Assigned task — Each record that follows is to be duplicated exactly, though its pictures are not.

Data shown —
####

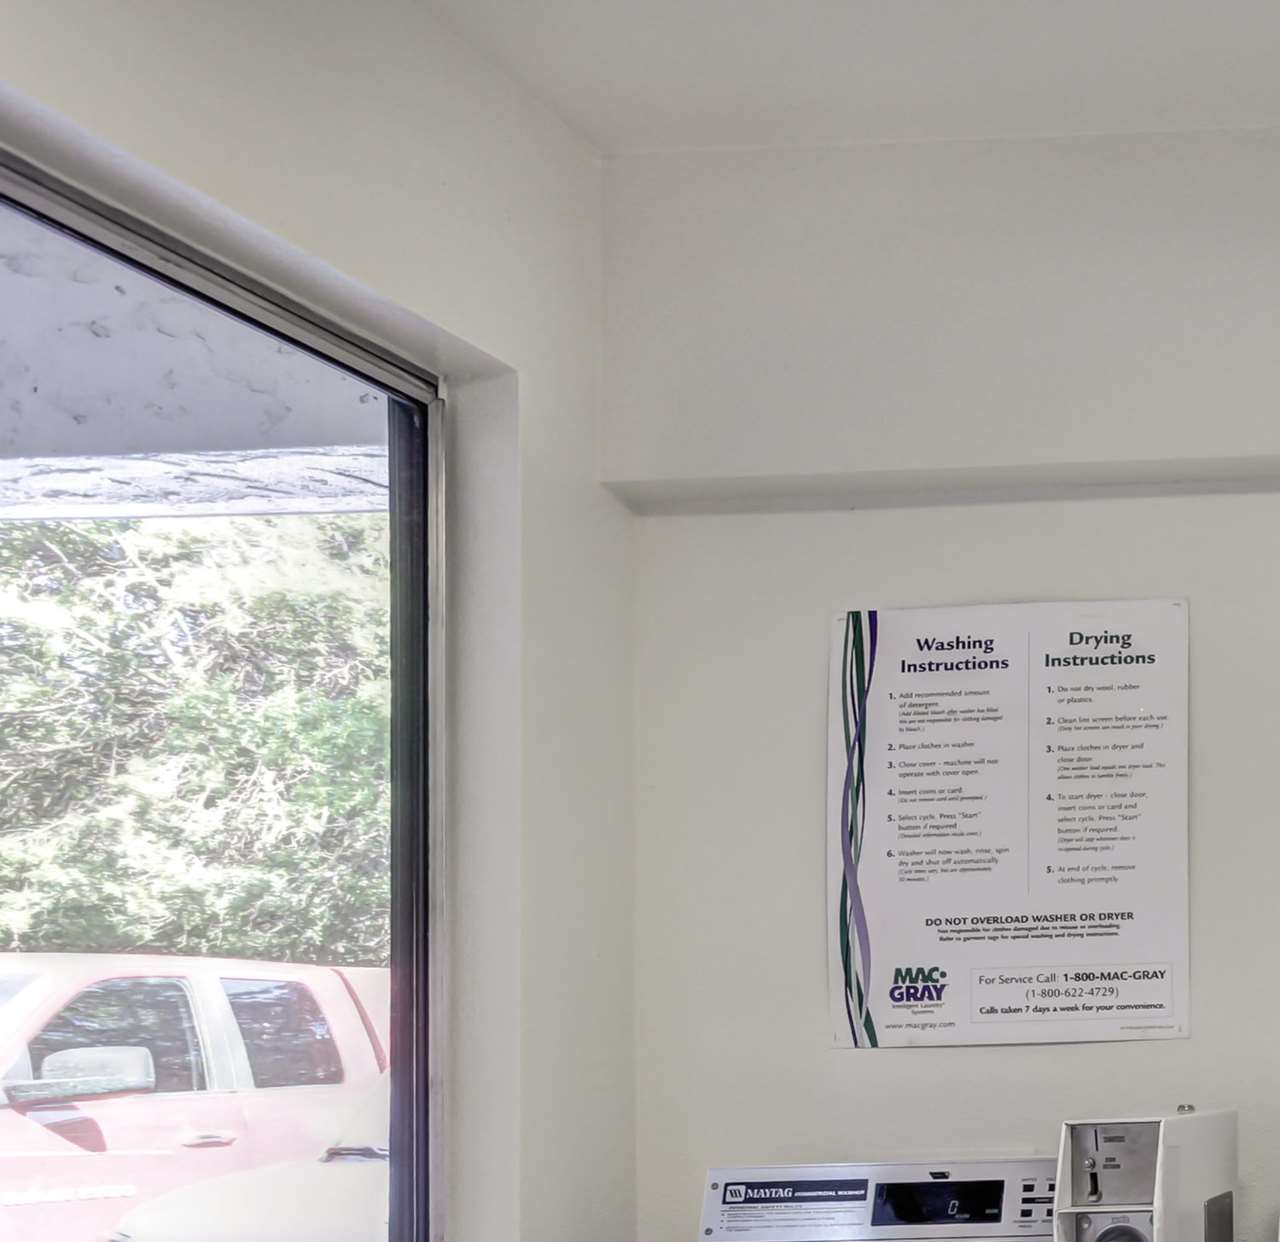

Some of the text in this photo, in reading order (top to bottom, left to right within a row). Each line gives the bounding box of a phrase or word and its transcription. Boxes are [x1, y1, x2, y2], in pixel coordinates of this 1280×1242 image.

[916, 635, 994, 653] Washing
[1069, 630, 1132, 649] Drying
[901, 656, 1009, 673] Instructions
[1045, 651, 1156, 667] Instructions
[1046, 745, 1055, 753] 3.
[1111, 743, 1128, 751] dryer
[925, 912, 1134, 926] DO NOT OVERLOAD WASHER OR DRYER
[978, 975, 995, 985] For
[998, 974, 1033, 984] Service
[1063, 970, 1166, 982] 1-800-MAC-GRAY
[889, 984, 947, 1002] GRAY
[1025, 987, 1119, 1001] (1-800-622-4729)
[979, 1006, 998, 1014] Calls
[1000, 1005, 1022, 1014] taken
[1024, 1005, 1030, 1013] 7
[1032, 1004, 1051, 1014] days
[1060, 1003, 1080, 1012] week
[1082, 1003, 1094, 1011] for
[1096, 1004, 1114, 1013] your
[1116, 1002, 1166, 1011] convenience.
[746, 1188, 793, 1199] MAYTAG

####

Result —
Some of the text in this photo, in reading order (top to bottom, left to right within a row). Each line gives the bounding box of a phrase or word and its transcription. Boxes are [x1, y1, x2, y2], in pixel coordinates of this 1280×1242 image.

[916, 635, 994, 653] Washing
[1069, 630, 1132, 649] Drying
[901, 656, 1009, 673] Instructions
[1045, 651, 1156, 667] Instructions
[1046, 745, 1055, 753] 3.
[1111, 743, 1128, 751] dryer
[925, 912, 1134, 926] DO NOT OVERLOAD WASHER OR DRYER
[978, 975, 995, 985] For
[998, 974, 1033, 984] Service
[1063, 970, 1166, 982] 1-800-MAC-GRAY
[889, 984, 947, 1002] GRAY
[1025, 987, 1119, 1001] (1-800-622-4729)
[979, 1006, 998, 1014] Calls
[1000, 1005, 1022, 1014] taken
[1024, 1005, 1030, 1013] 7
[1032, 1004, 1051, 1014] days
[1060, 1003, 1080, 1012] week
[1082, 1003, 1094, 1011] for
[1096, 1004, 1114, 1013] your
[1116, 1002, 1166, 1011] convenience.
[746, 1188, 793, 1199] MAYTAG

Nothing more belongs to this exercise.